Asked for twenty marlboro lights, and said I'd square up with him when he got back

now Ive got a bill for three hundred notes and a desk full of these.

edit: thank god I didnt ask for twenty mayfair.

From the Badly Misheard Instructions challenge. See all 328 entries (closed)

(, Thu 24 Oct 2002, 13:33, archived)
# or
10 bensons and hedges
(, Thu 24 Oct 2002, 13:41, archived)
# lambert & butler
?
(, Thu 24 Oct 2002, 13:46, archived)
# lucky strikes?
I hear thats what the tube and firebrigade promote.
(, Thu 24 Oct 2002, 13:52, archived)
# Ciggy related story,
smoked a lot on our night out last night, so arrived at the newsagents this morning to get my copy of the sun, and my days nicotine. Coughing a bit, as you do.

An old dear who had just payed for her stuff told me "ooo, you dont want to buy those they are bad for you. And think of all the money you would save that you could then spend on sweeties".

Im 26, I have a full beard, and I reeked of alcohol. I think the days of penny chews are well behind me.
(, Thu 24 Oct 2002, 13:47, archived)
# eeeee
I remember the days when you buy a chew for a penny.
Can you still get them?
(, Thu 24 Oct 2002, 13:52, archived)
# you sure can.
If you are a real connissuer of the penny chew, get yourself down to makro, where you can still get boxes of 400 mojo's, or flying saucers, or fried eggs.

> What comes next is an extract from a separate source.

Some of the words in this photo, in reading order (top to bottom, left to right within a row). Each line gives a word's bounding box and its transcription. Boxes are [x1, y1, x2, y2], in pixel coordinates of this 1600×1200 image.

(, Thu 24 Oct 2002, 13:57, archived)
# Hehe
To my right I have about £15's worth of penny sweets from Makro. Pear drops, fizzy apple strips, disco discs, cola bottles and fizzy strawberries. Yum.
(, Thu 24 Oct 2002, 14:07, archived)
# for the ultimate belch
put a good handful of fizzy cola bottles in your mouth. Start chewing, but dont swallow. then, open a can of coke. Fill moth to capacity. Close lips tightly. Jump up and down on the spot for about a minute.

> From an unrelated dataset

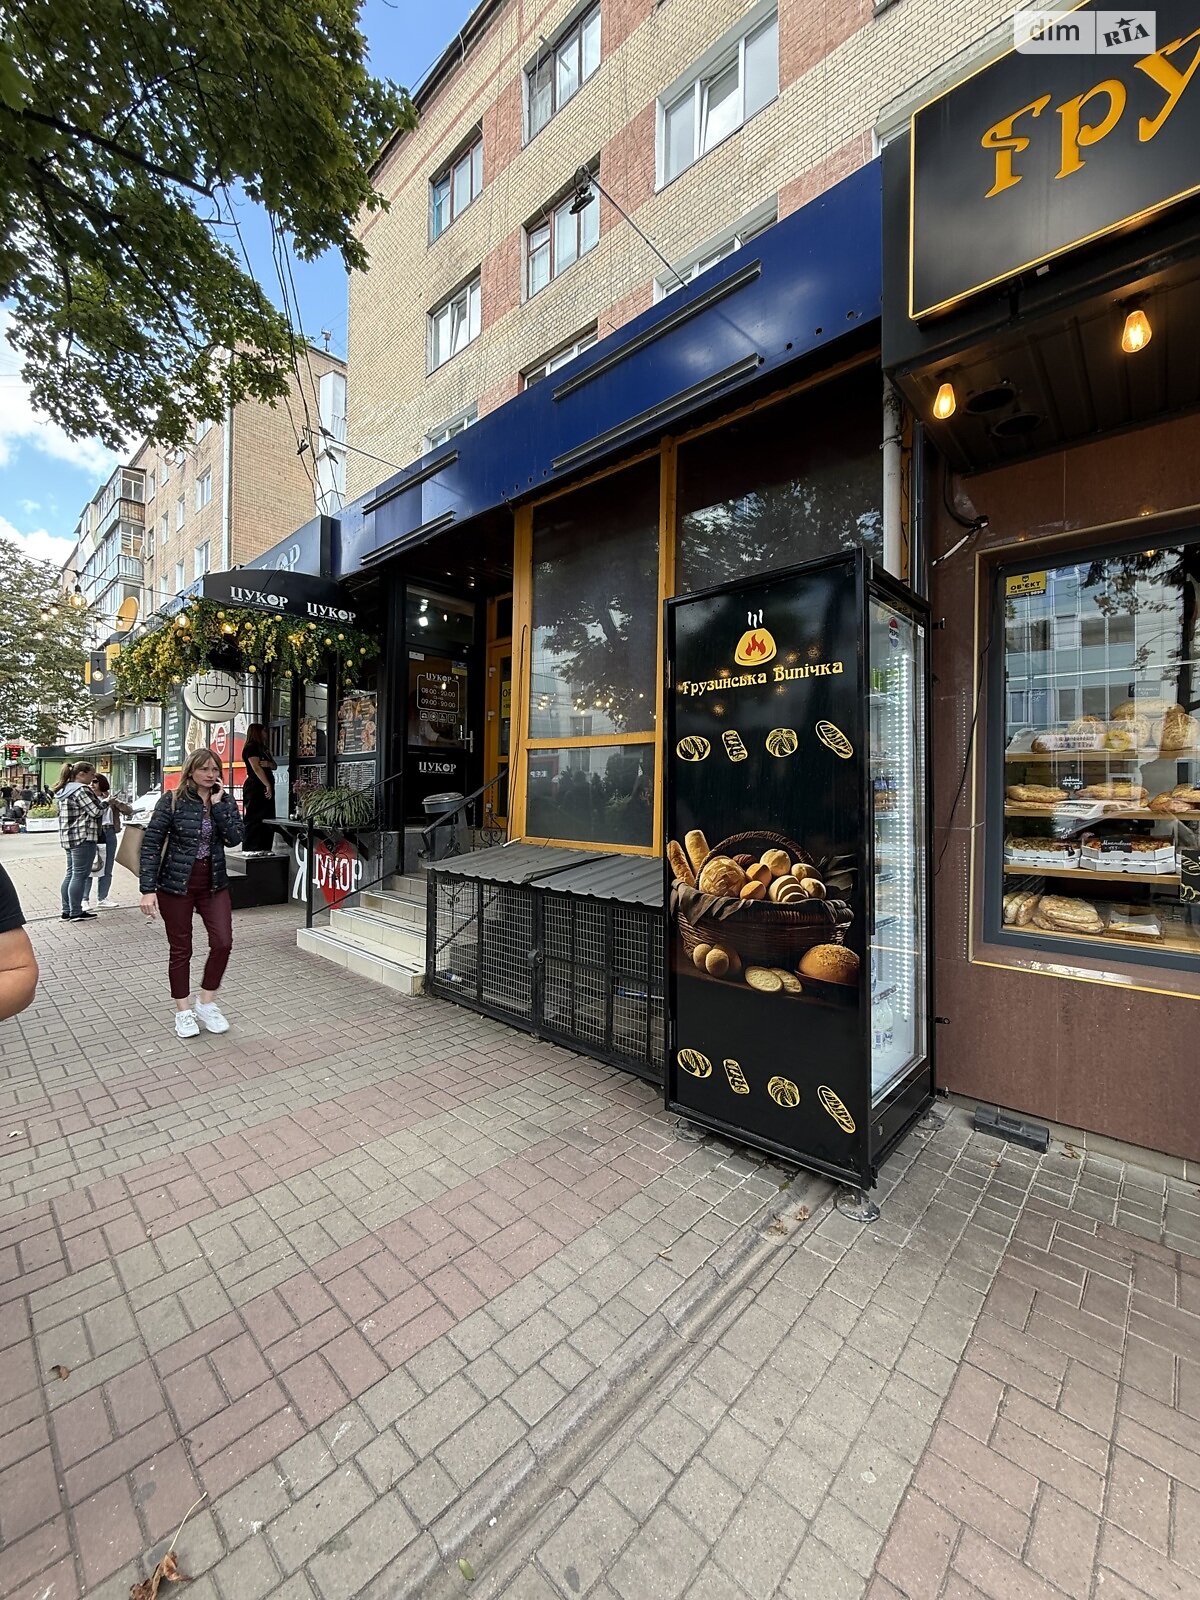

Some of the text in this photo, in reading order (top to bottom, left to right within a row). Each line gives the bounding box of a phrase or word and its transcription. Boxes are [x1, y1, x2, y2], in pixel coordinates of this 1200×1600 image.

Swallow contents of mouth.

Stand on desk, and prepare to amaze the whole office.
(, Thu 24 Oct 2002, 14:10, archived)
# Christ on a bike....
You're not wrong.
(, Thu 24 Oct 2002, 14:14, archived)
# I cannot believe
you actually did that.
(, Thu 24 Oct 2002, 14:19, archived)
# would you like a display at the halloween party?
.
(, Thu 24 Oct 2002, 14:21, archived)
# Neither
can I....
(, Thu 24 Oct 2002, 14:53, archived)
# Warning
can lead to projectile vomiting.

But its still impressive.
(, Thu 24 Oct 2002, 14:21, archived)
# What has the poor
Moth done to deserve that, and how do you know when a moth has reached its capacity?
(, Thu 24 Oct 2002, 14:16, archived)
# They squeak.
Only quietly though, so you have to listen carefully.
(, Thu 24 Oct 2002, 14:17, archived)
# only just noticed that typo.
d'oh
(, Thu 24 Oct 2002, 14:24, archived)
# I know
but think of all the sweeties you could buy.

Think of them.
(, Thu 24 Oct 2002, 13:53, archived)
# Im thinking of them
and Im also thinking of the 500 quid dental bill I head 2 years ago. I really remember the dentist telling me to lay of the sweets and coca cola, or the next time I needed work done, I wouldnt get seven shots of novacaine.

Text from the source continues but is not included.